Seit dem Jahr 1990 gibt es die konkrete Hoffnung auf ein gemeinsames und geeintes Europa. Ein gemeinsames Haus Europa. Auf ein Europa ohne Krieg. – Wir sehen, wir sind noch sehr weit entfernt von der positiven Vision von Europa.

Aber das historische Tczew, das mit deutschem Namen seit der Gründung im Jahre 1260 immer auch schon Dirschau hieß, war ein Beispiel dafür, was in Europa möglich war. Ein polnischer Fürst gründete eine Stadt, in der es von Anfang an auch deutsche Bürger gab. Und Menschen, die sich als Deutsche verstanden, weil sie Deutsch sprachen, nicht weil sie einen deutschen Paß hatten, lebten Jahrhunderte lang unter polnischer Herrschaft.

Zu dieser Geschichte des Zusammenlebens von Polen und Deutschen gehört aber auch die Geschichte deutschen Strebens nach Macht und Einfluß auf Kosten anderer. Hier ist auch auf die Rolle des Deutschen Ritterordens, des Deutschen Ordens oder des Deutschherrenordens hinzuweisen, die bis heute in Deutschland erstaunlich unkritisch wahrgenommen wird.

Die Stadt Dirschau wurde 1308 vom Deutschen Orden blutig und mit großen Zerstörungen der Stadt erobert. – Die Bürger wollten den Orden nicht und unterlagen.

Der polnische Autor Czesaw Miosz verweist auf die dem Deutschen Orden fälschlicherweise zugeschriebene Rolle der Christianisierung des angeblich finsteren, heidnischen Ostens. Hier finden wir eine bis in heutige Zeit gepflegte Überheblichkeit gegenüber den slawischen Nachbarn, die sogar Eingang in einen christlichen Katechismus fand.

Der polnische Autor Czesaw Miosz schreibt:
„Dieses Bild einer Finsternis jenseits der Grenzen, in die hinein glühend begeisterte Missionare zogen, ist in der Vorstellung deutscher Theologen so fest verwurzelt, daß sie keine Be-den-ken trugen, es in die Lehre von den Glaubenswahrheiten auf-zunehmen. Mir bot es sich schon in der Kindheit von einer anderen Seite. Die Geschichte der christlichen Sendung war wesentlich eine Geschichte des Mordes, der Gewalt und des Banditentums, und das schwarze Kreuz ist für lange Zeit das Symbol einer Heimsuchung, schlimmer als die Pest, geblieben.“

Wir können diese zwei Straßenschilder also als eine Chance begreifen, darüber nachzudenken, daß die Geschichte Europas nicht für schlichte Heldensagen taugt. Sie ist kompliziert und sie ist blutig. Aber der Gedanke der Freiheit ist in Europa gewachsen und hat sich gegen viele Widerstände durchzusetzen vermocht.

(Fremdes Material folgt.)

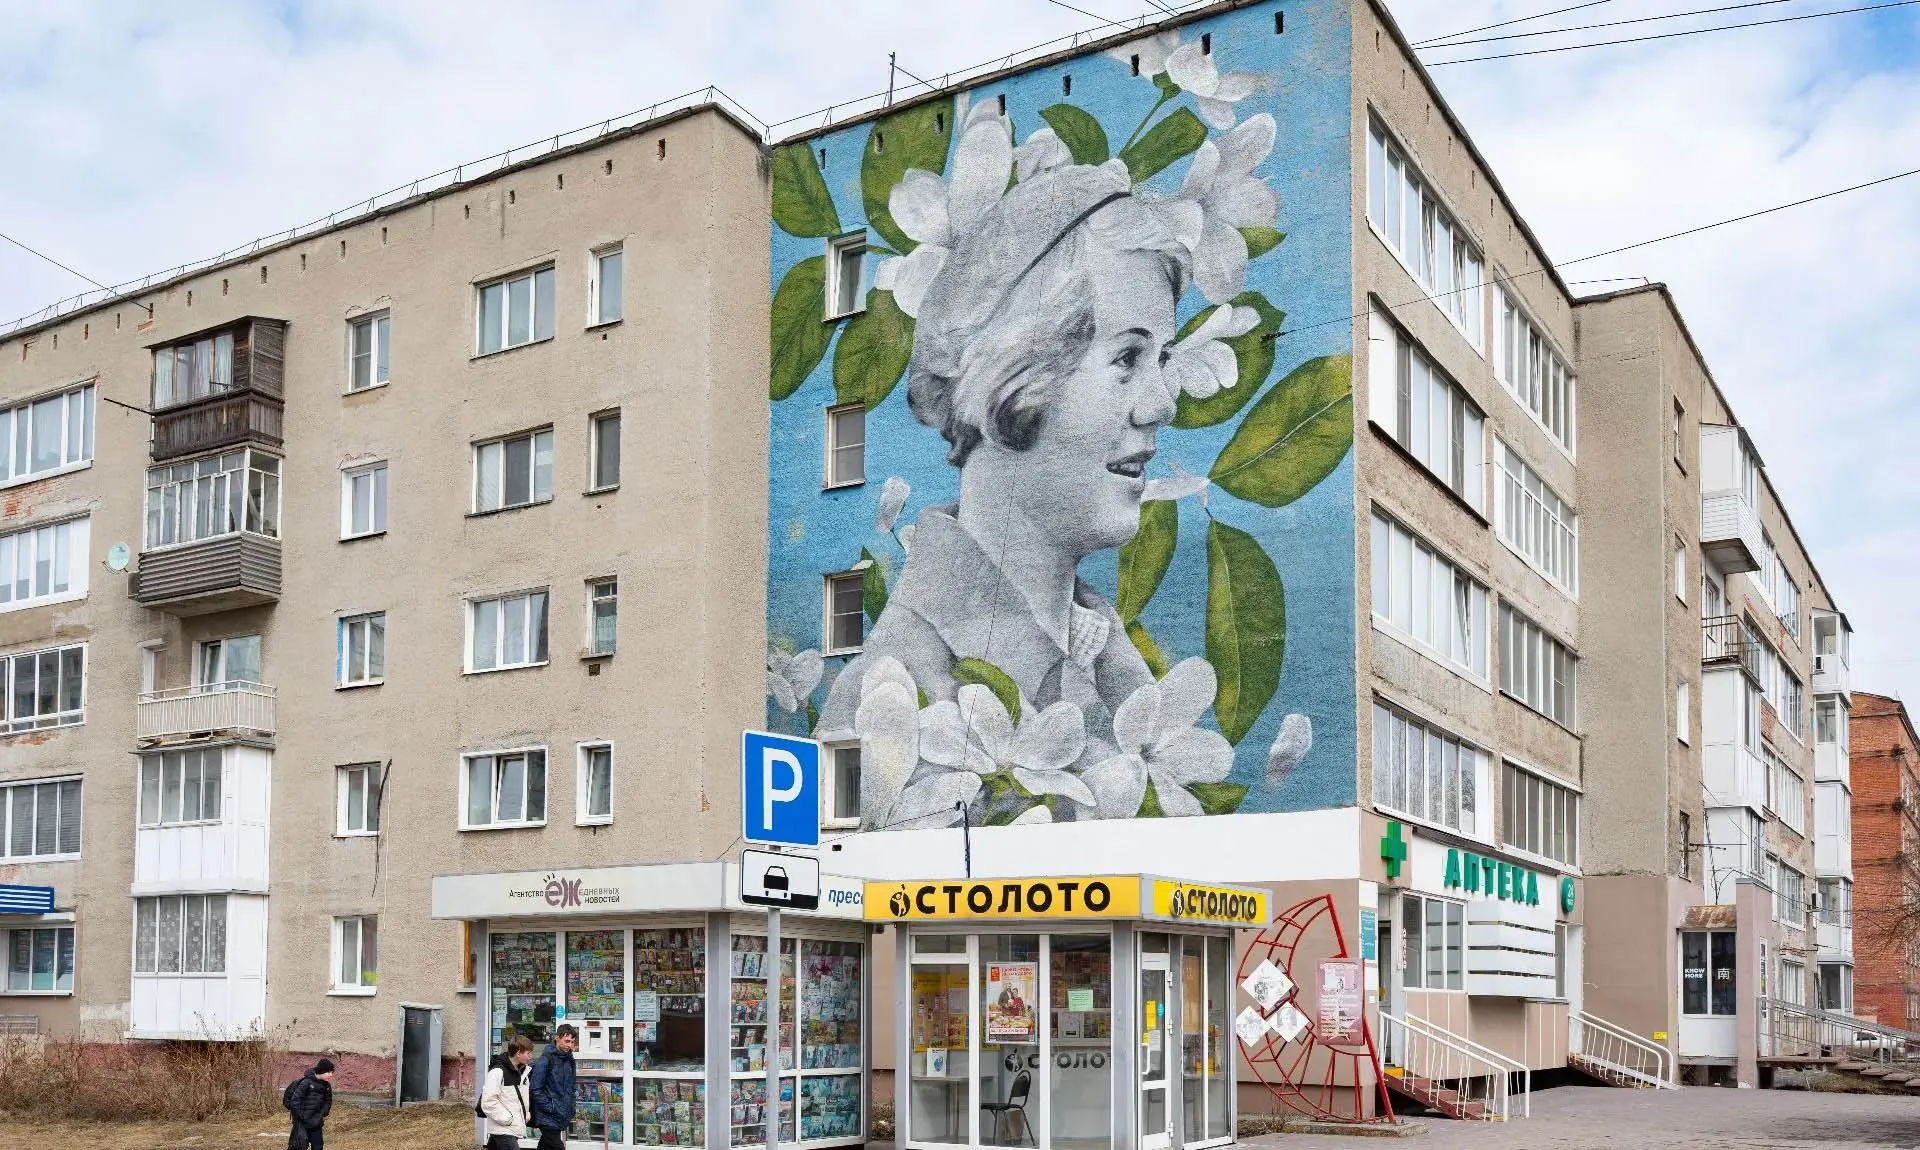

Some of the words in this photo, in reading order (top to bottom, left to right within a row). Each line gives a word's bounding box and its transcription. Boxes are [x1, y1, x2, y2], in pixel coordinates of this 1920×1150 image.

[763, 746, 803, 830] P
[1443, 848, 1540, 907] АПТЕКА
[915, 881, 1111, 914] СТОЛОТО
[1187, 888, 1257, 920] СТОЛОТО
[1717, 967, 1730, 980] 南

Wir sollten uns dieser Freiheit bewußt sein und sie schätzen und schützen.

Schauen wir uns hier vor Ort einmal um.

1967 wurde diese Straße in die Dirschauer Straße umbenannt. Dies weist auf die deutschen Flüchtlinge hin, die gegen Ende des Zweiten Weltkrieges ihre Heimat im östlichen Mitteleuropa und im Kreis Tczew, auf deutsch Dirschau, verlassen haben.

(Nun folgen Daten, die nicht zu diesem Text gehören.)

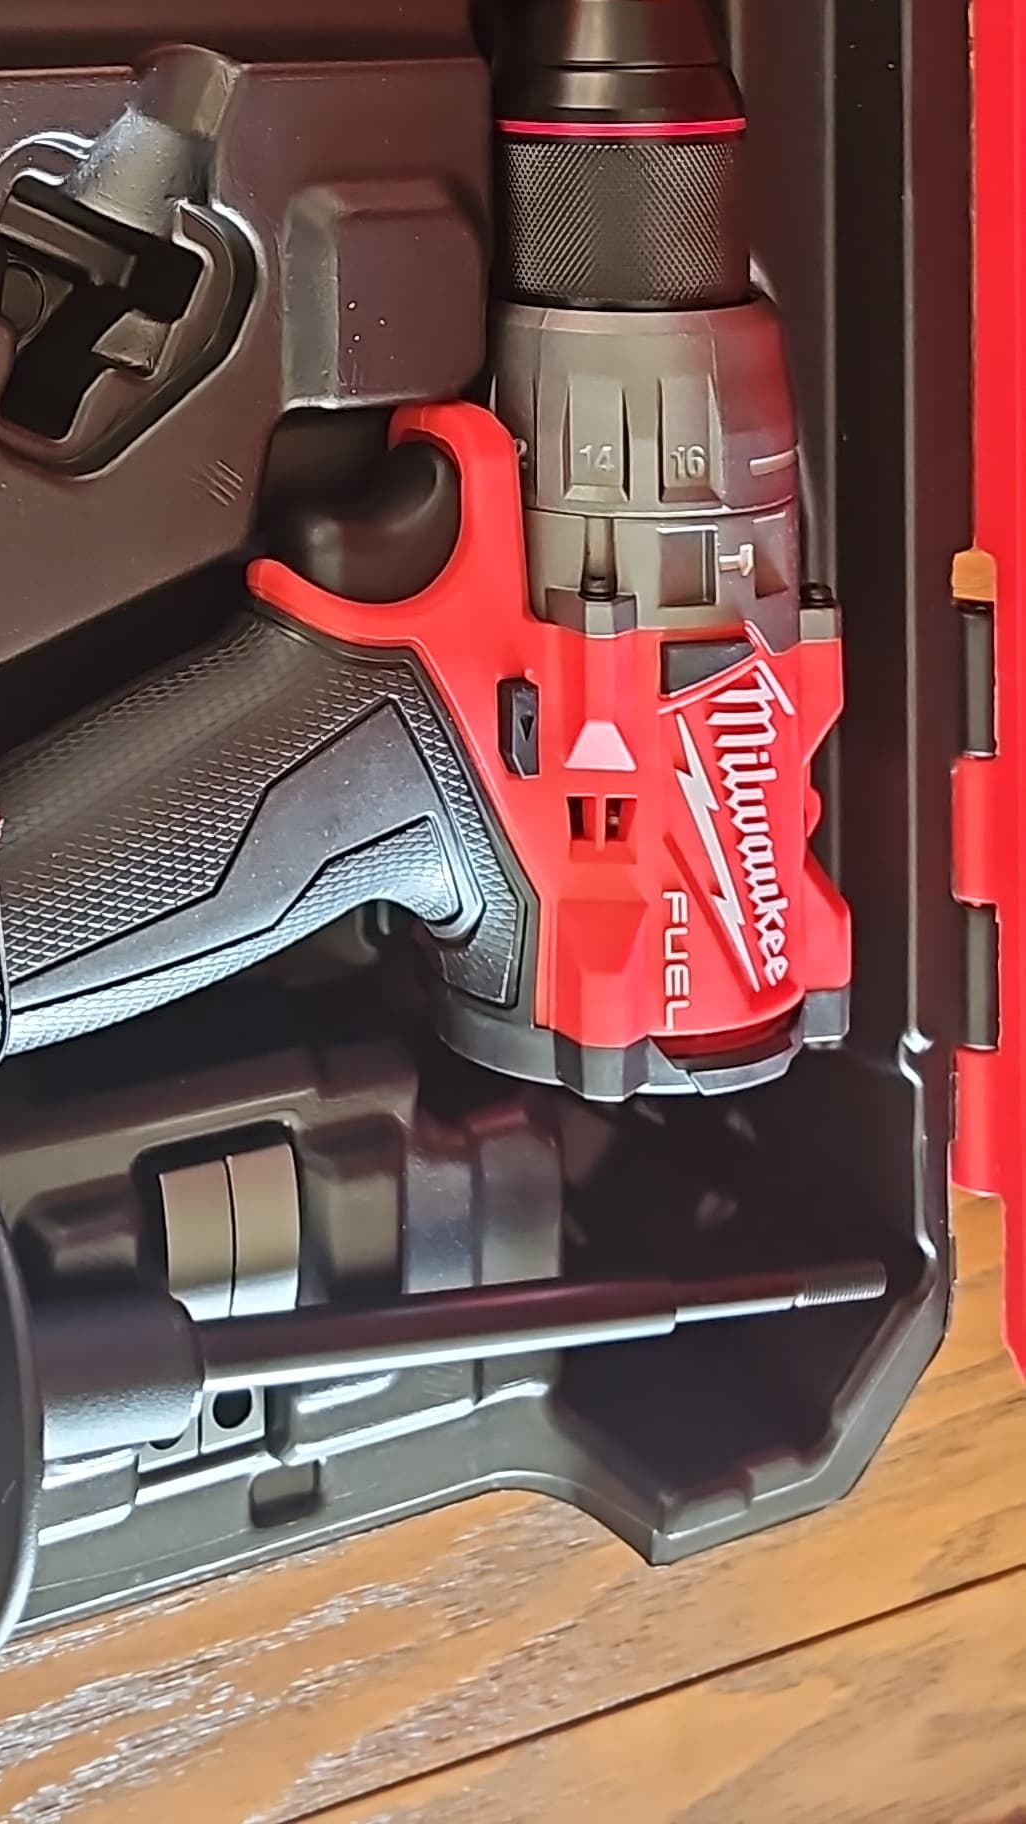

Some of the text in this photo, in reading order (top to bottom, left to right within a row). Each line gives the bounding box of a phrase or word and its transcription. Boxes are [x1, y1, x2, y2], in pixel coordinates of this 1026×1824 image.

[579, 444, 705, 478] 14 16
[705, 670, 789, 987] Milwaukee
[662, 889, 691, 1030] FUEL

Hier in dieser Straße wohnte 1933 ein Bernhard Wisniewski, geboren 1897 in Polen, das es damals aber als Staat nicht gab. Oder genauer, er war im Landkreis Graudenz / Grudzidz geboren worden, nicht allzu weit entfernt von Tczew. Er war ein aktiver Gegner der deutschen Nationalsozialisten. Er floh vor ihnen nach Polen, überlebte den Krieg und lebte dann nach 1945 in der heutigen Breslauer Straße. Ein deutsches Schicksal? Ein polnisches Schicksal? Ein Hinweis darauf, daß der Kampf um die Freiheit Opfer kostet.

Gehen wir noch ein paar Häuser weiter bis in die Pferdebachstraße 98. Hier lebte nach 1945 der ehemalige Kommandant des Konzentrationslagers Stutthof, Paul Werner Hoppe, im Geheimen, wurde aber doch entdeckt und kam zehn Jahre nach dem Krieg in Bochum vor Gericht.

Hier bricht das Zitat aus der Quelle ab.